CBI trend data unlocks investment understanding
The Confederation of British Industry, gathering industry data for 50 years
Professor Ciaran Driver has worked with 20 years of CBI data to inform his research on capital investment in the manufacturing sector.
By Elliott White
The Confederation of British Industry‘s (CBI) Industrial Trends Survey is fifty this summer. The survey provides a useful, timely insight into the attitudes of manufacturing companies for policy makers, business people and academics.
In its fifty years, the Industrial Trends Survey has provided a wealth of material for predictive purposes and for historical studies by researchers. It offers a long time series of directly comparable data that go beyond the areas covered by Office of National Statistics surveys. For example, it asks questions about capacity utilisation, investment intentions and feeling of certainty about the future of the market.
Ciaran Driver1, Professor of Economics at the Innovation Studies Centre, has used the trend data in his work on capital investment in industry. This appeared in a recent paper in the International Journal of Industrial Organisation. This research was also highlighted by the CBI as a paper of note in its own publication: “Fifty not out – half a century of the CBI industrial trends survey”.
Professor Driver’s paper “Real options – delay vs. pre-emption: Do industrial characteristics matter?” used the Industrial Trend Survey data to test real option theory. Real option theory can be used to explain industrial investment decisions and examines why the rate of investment speeds up or slows down.
Previous research identified concepts of irreversibility and first mover advantage as important. Professor Driver explains:
“Irreversibility tends to slow investment. Simply, once you commit to buying some assets, the resale value may be negligible. On the other side, first mover advantages sometimes accrue from early investment.”

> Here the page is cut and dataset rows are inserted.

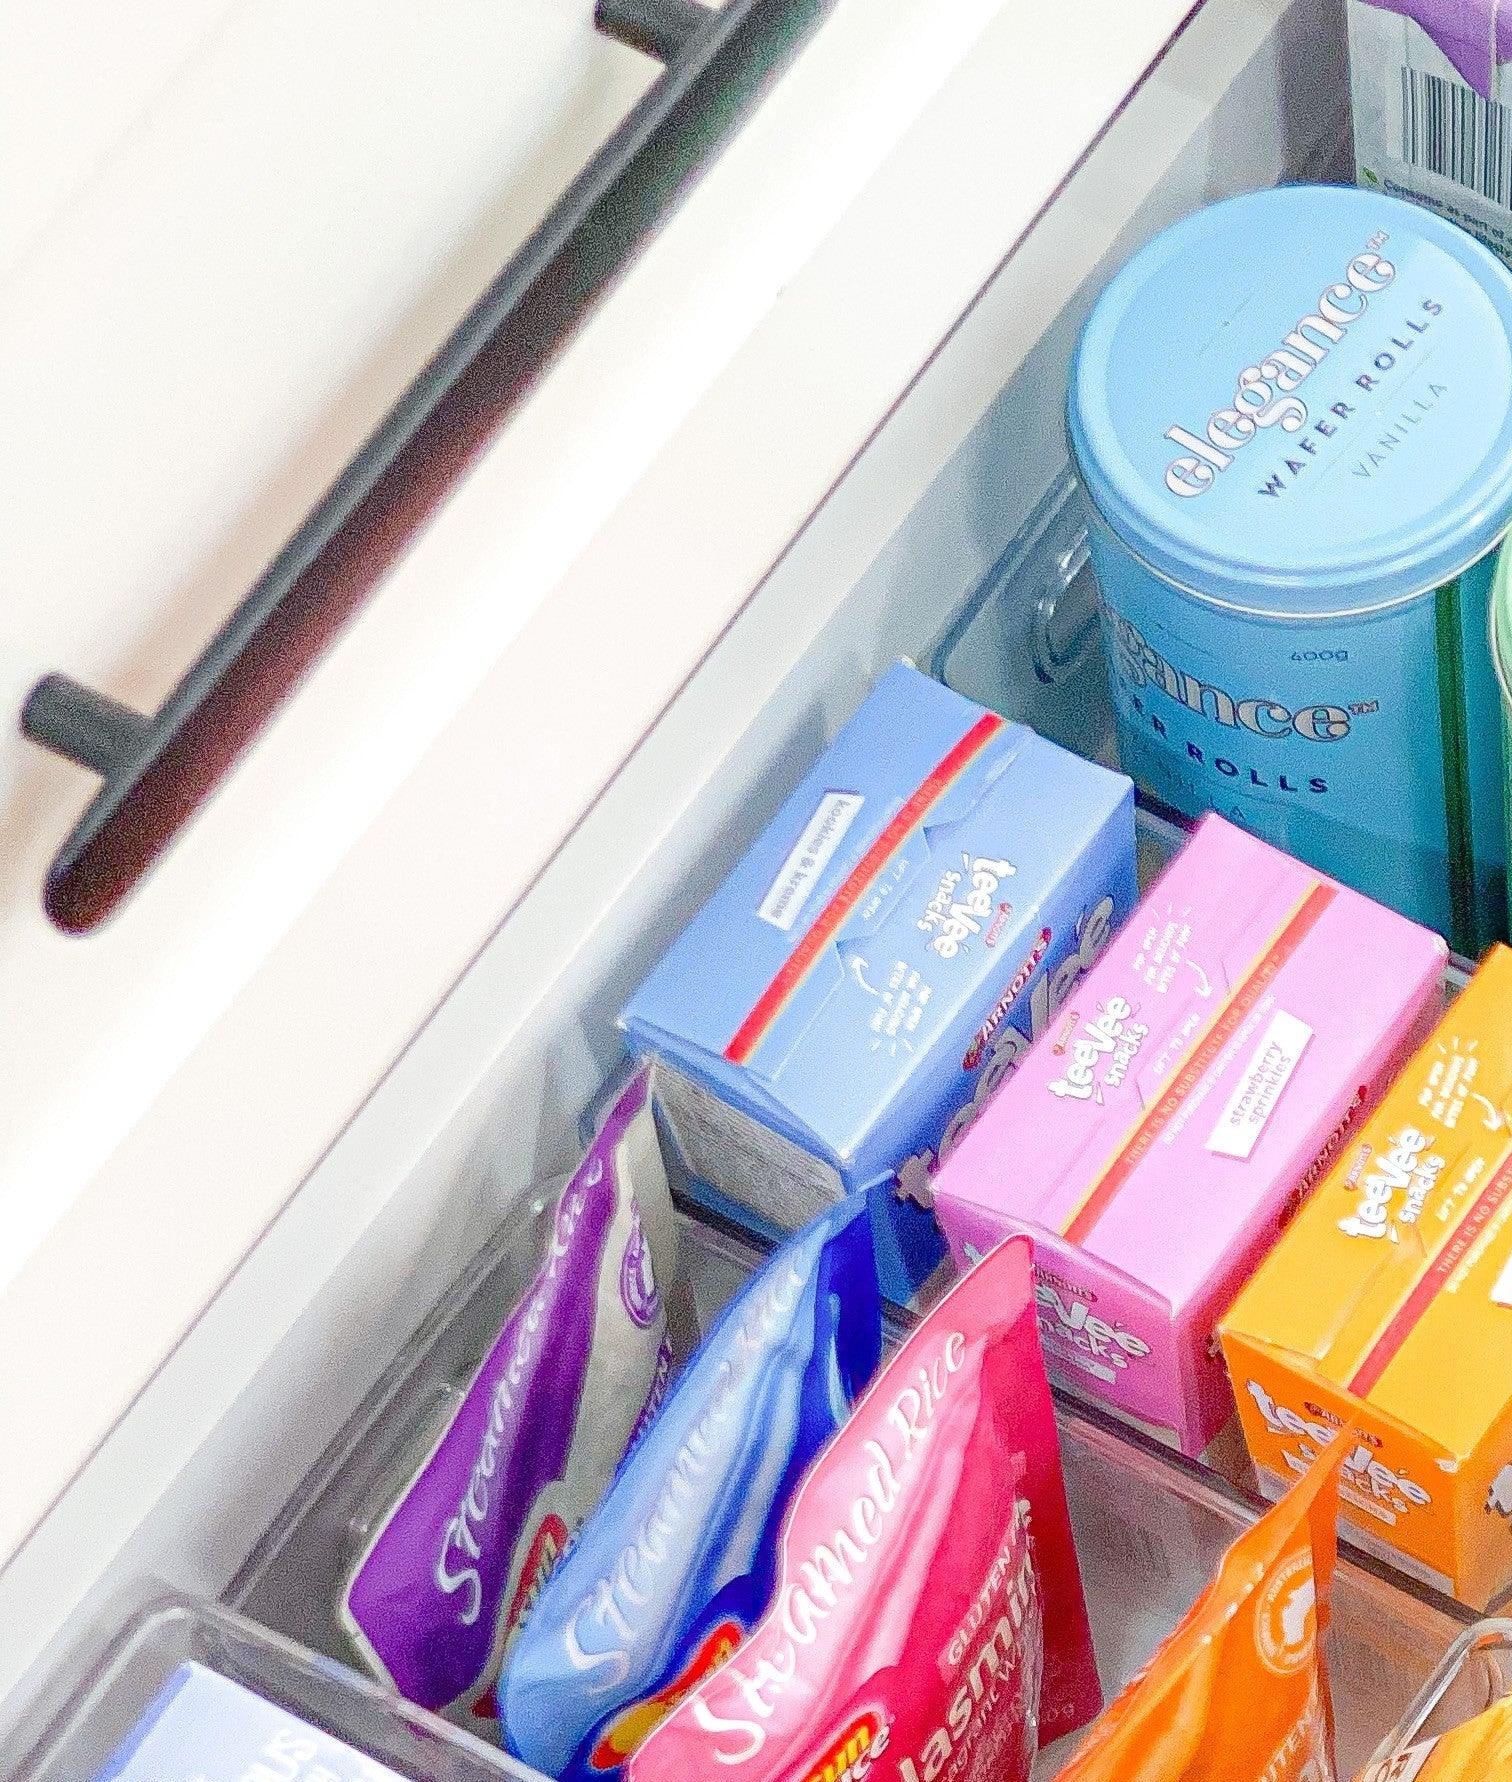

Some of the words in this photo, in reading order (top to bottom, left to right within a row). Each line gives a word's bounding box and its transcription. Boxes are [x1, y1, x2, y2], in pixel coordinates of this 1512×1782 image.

[1258, 399, 1355, 498] WAFER
[1355, 298, 1443, 391] ROLLS
[1352, 382, 1448, 479] VANILLA
[1291, 650, 1348, 663] 400g
[1187, 741, 1328, 793] ROLLS
[917, 870, 962, 934] snacks
[1104, 1019, 1149, 1087] snacks
[1159, 1095, 1179, 1118] NO
[1221, 1007, 1245, 1034] FOR
[1229, 1041, 1284, 1127] strawberry
[1247, 1052, 1292, 1125] sprinkles
[1398, 1157, 1447, 1225] snacks
[1436, 1237, 1469, 1276] THERE
[1462, 1222, 1480, 1239] IS
[1472, 1203, 1493, 1225] NO
[890, 1331, 966, 1462] Rice
[947, 1550, 1012, 1667] GLUTEN

Using CBI time series data and this understanding, Professor Driver’s findings suggest that irreversibility matters for slowing investment but only when combined with a concept called ‘value of waiting’. That concept depends on the information signals that inform a capital investment decision. “Some signals are only transient while others are persistent,” said Professor Driver. “That distinction is important in judging the balance between the influences from irreversibility and first mover advantage”.

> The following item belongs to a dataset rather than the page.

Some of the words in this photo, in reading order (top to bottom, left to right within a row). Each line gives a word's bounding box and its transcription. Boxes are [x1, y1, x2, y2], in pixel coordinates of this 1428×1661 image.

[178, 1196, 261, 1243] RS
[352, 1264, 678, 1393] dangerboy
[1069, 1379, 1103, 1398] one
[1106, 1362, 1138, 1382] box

This applied analysis of real option theory is partly possible because the Industrial Trend Survey contains questions relating to capital investment decisions, the value of weighting and uncertainty about the future of the market in which respondents operate.
The Industrial Trends Survey was first published by the Federation of British Industries (a CBI forerunner) in 1958. When launched, British industry was being buffeted by the pace of economic change, and there was demand for prompt data on the effects on the economy, which the survey was designed to provide.
ends
1. Professor Driver also worked with Paul Temple, University of Surrey and Giovanni Urga, Cass Business School on paper paper mentioned here.